### Assignment
When you copy the data, keep every word exactly as it is and leave the pictures out.

### Extracted data
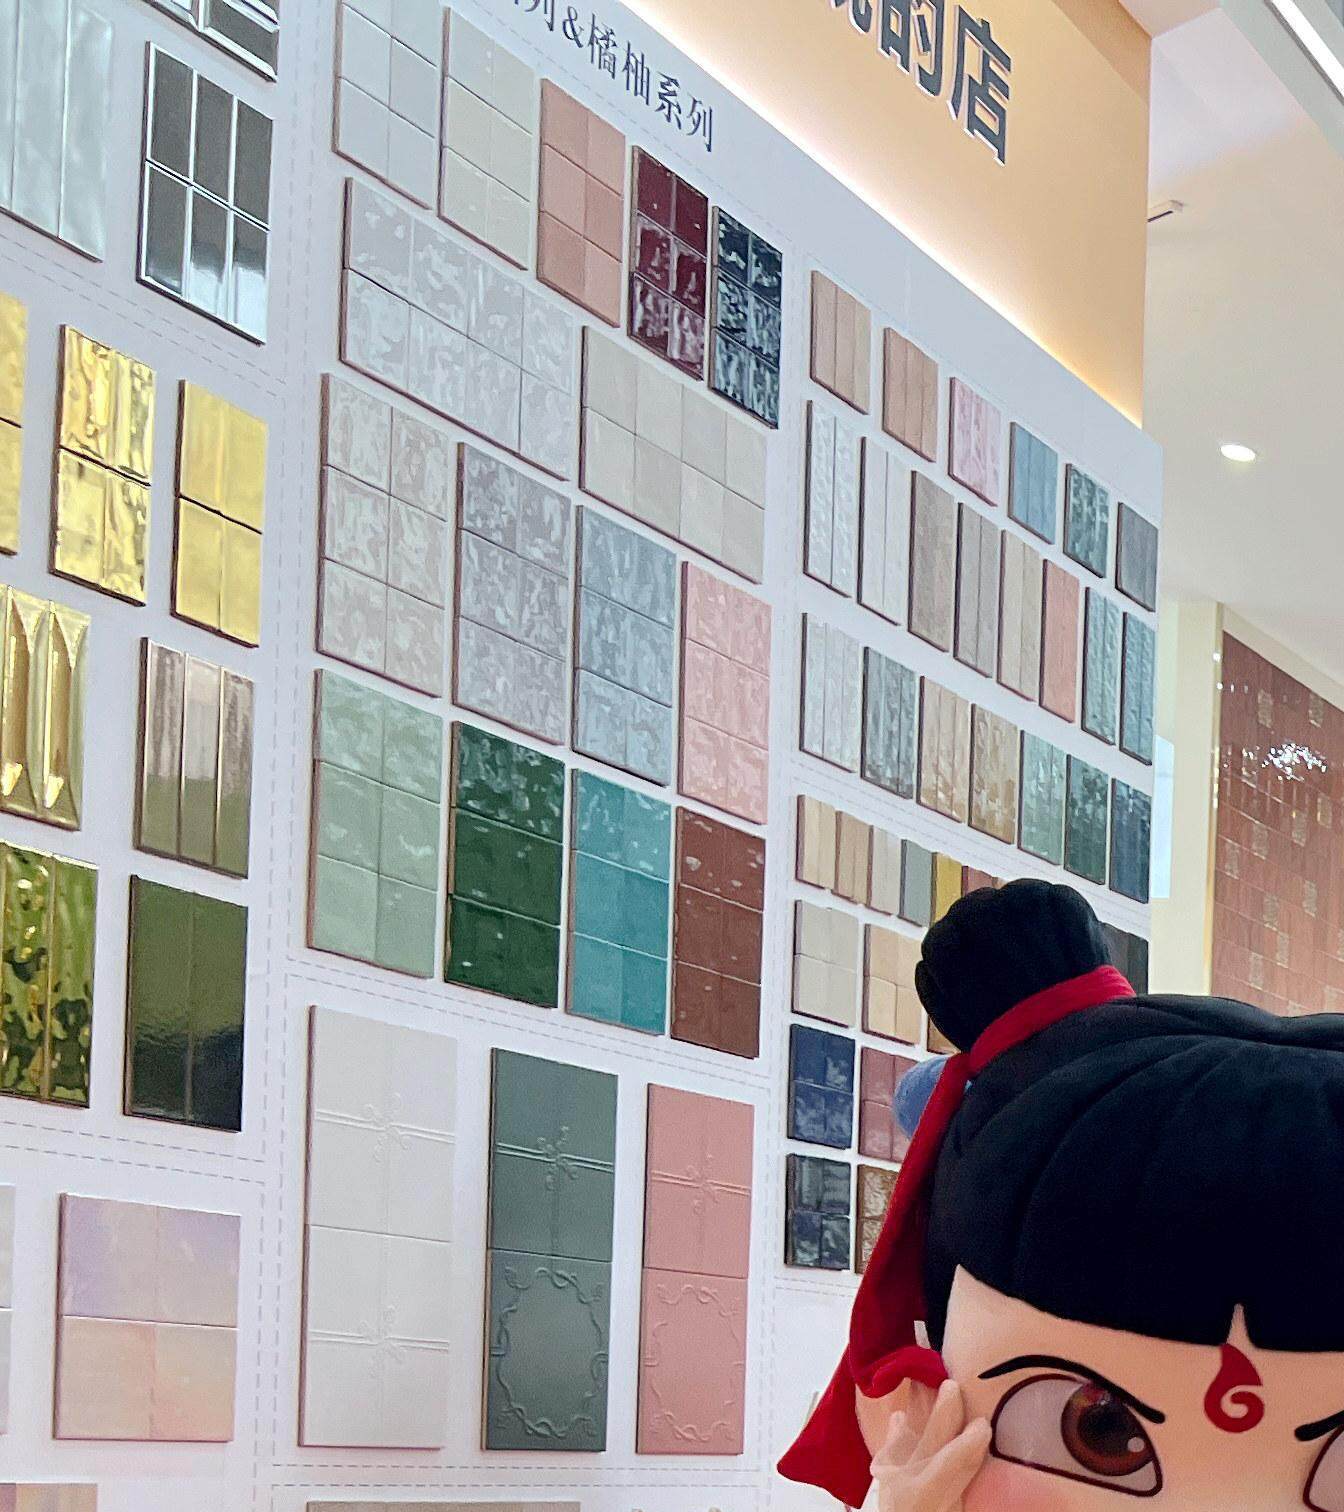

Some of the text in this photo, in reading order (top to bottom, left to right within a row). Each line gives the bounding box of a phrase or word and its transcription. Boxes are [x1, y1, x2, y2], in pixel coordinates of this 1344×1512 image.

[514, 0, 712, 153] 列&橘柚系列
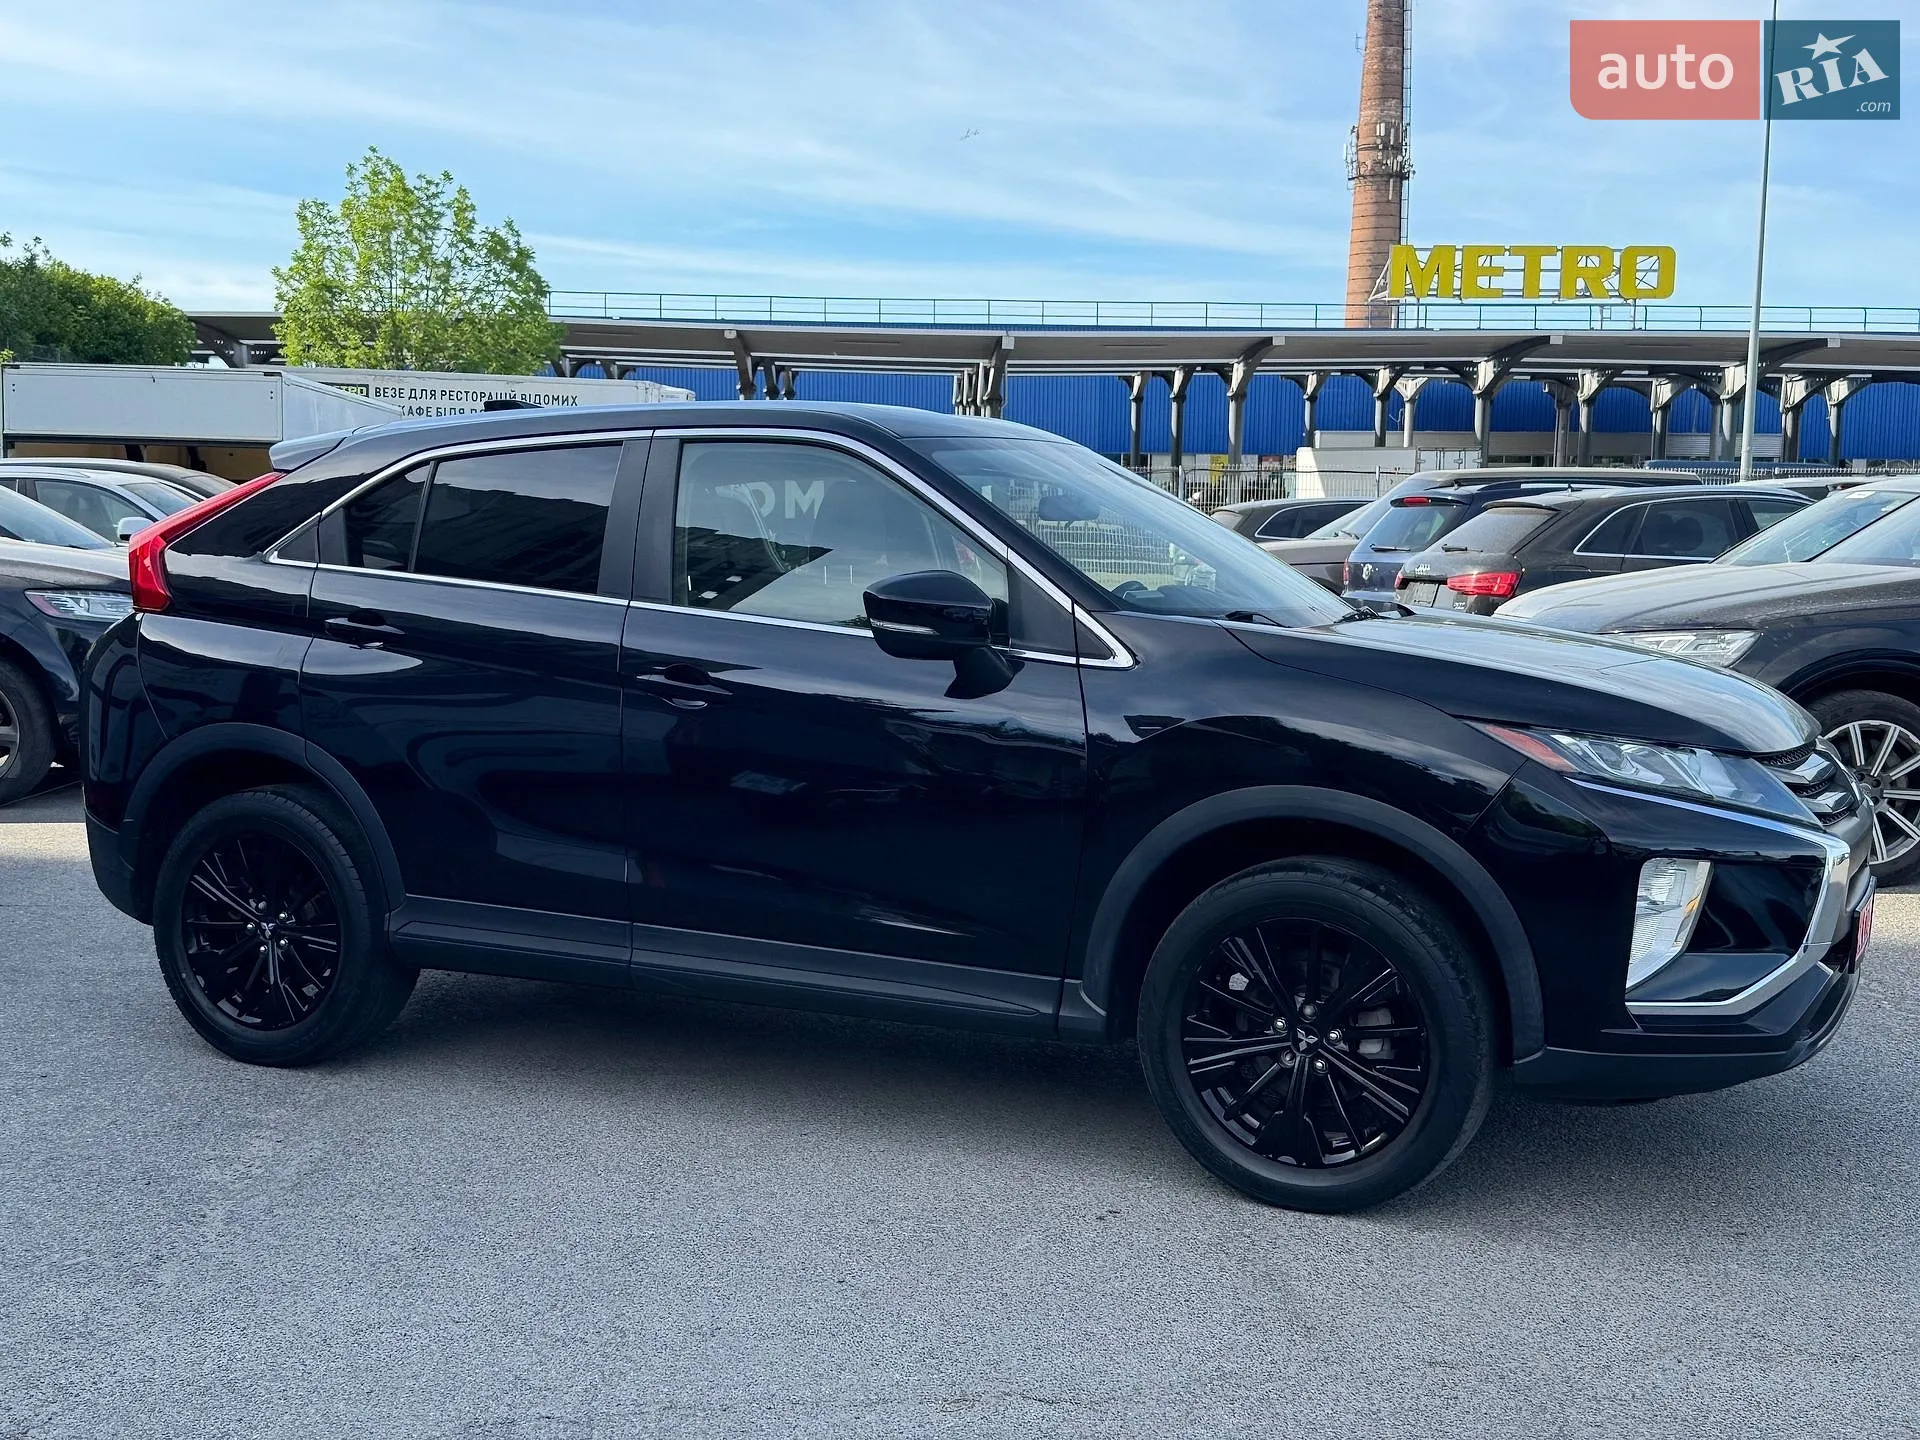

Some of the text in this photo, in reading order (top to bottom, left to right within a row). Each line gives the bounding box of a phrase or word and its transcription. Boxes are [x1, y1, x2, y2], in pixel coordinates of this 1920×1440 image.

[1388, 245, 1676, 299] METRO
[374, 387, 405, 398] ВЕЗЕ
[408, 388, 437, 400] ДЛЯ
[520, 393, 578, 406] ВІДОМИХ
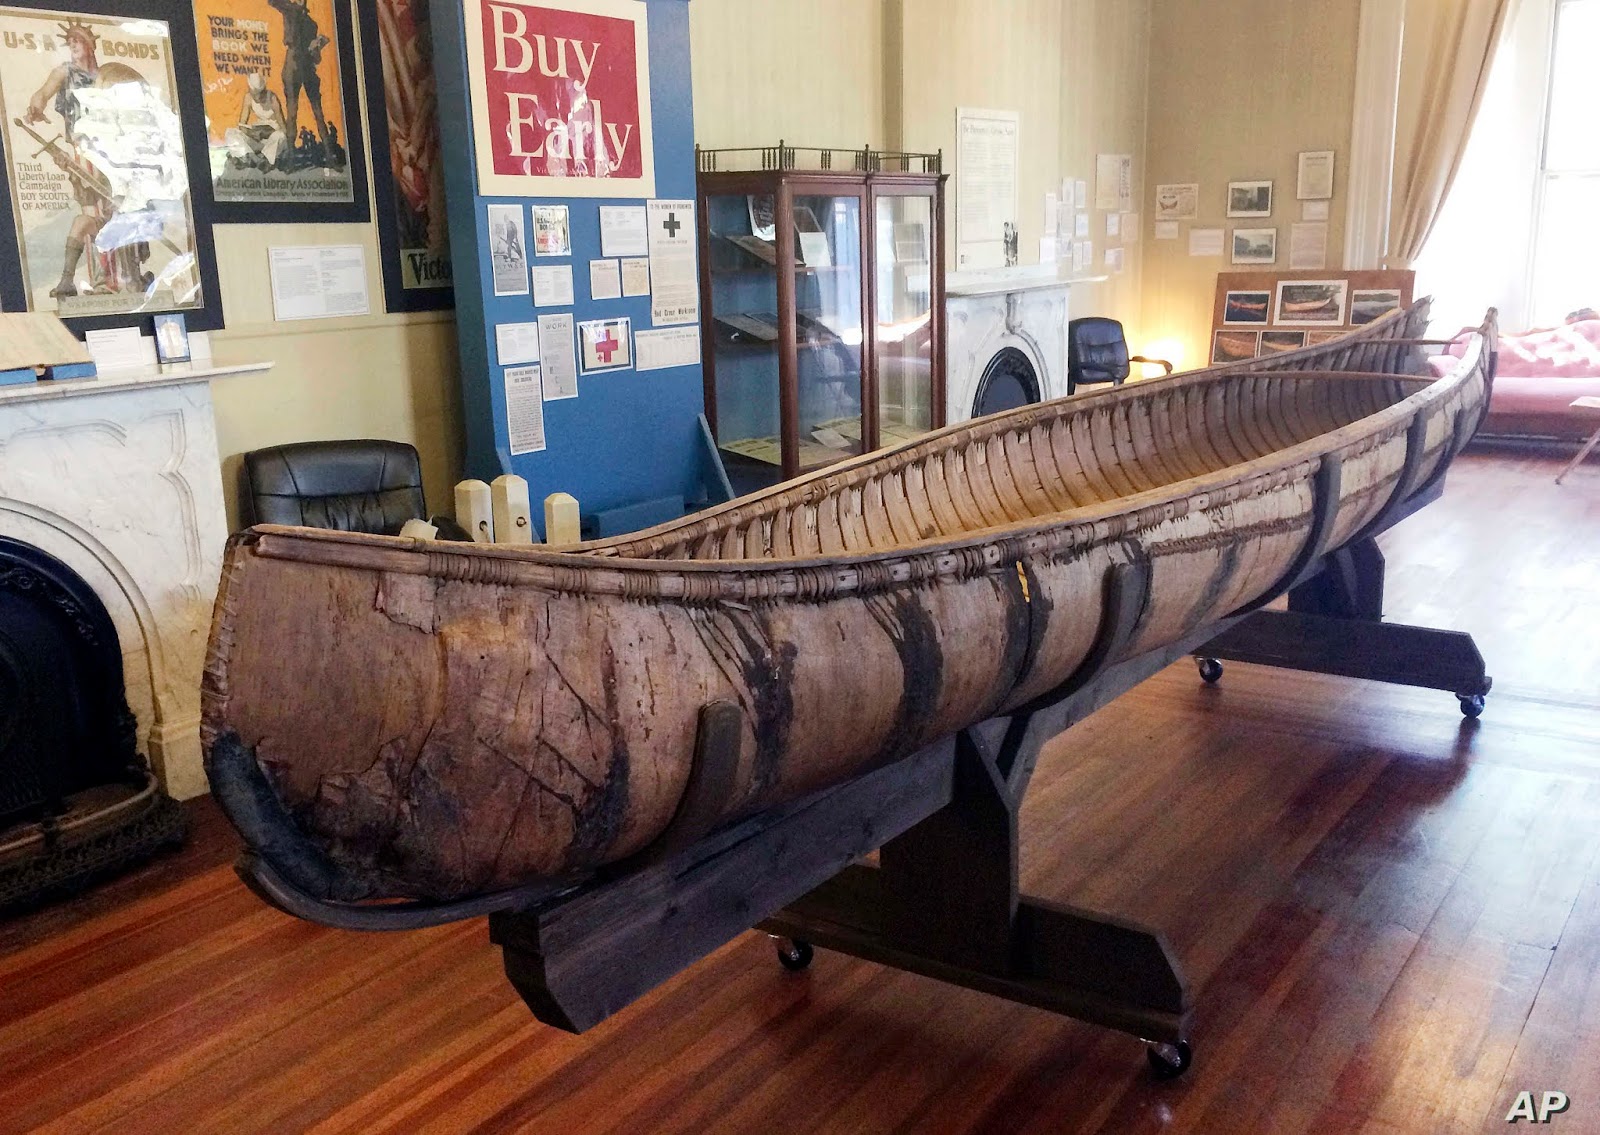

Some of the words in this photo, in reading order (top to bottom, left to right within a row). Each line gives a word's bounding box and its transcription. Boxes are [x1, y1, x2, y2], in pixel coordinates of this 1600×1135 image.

### Problem solution
Some of the text in this photo, in reading order (top to bottom, left to right within a row). Each line gives the bounding box of a phrase or word and its transcription. Boxes are [x1, y1, x2, y2], in pixel coordinates of this 1344×1512 image.

[514, 0, 712, 153] 列&橘柚系列

Some of the text in this photo, in reading order (top to bottom, left to right within a row). Each line gives the bounding box of a phrase or word and its transcription. Boxes are [x1, y1, x2, y2], in pixel coordinates of this 1920×1440 image.

[1388, 245, 1676, 299] METRO
[374, 387, 405, 398] ВЕЗЕ
[408, 388, 437, 400] ДЛЯ
[520, 393, 578, 406] ВІДОМИХ

Some of the words in this photo, in reading order (top to bottom, left to right within a row). Each line gives a word's bounding box and its transcription. Boxes are [x1, y1, x2, y2], in pixel coordinates of this 1600×1135 image.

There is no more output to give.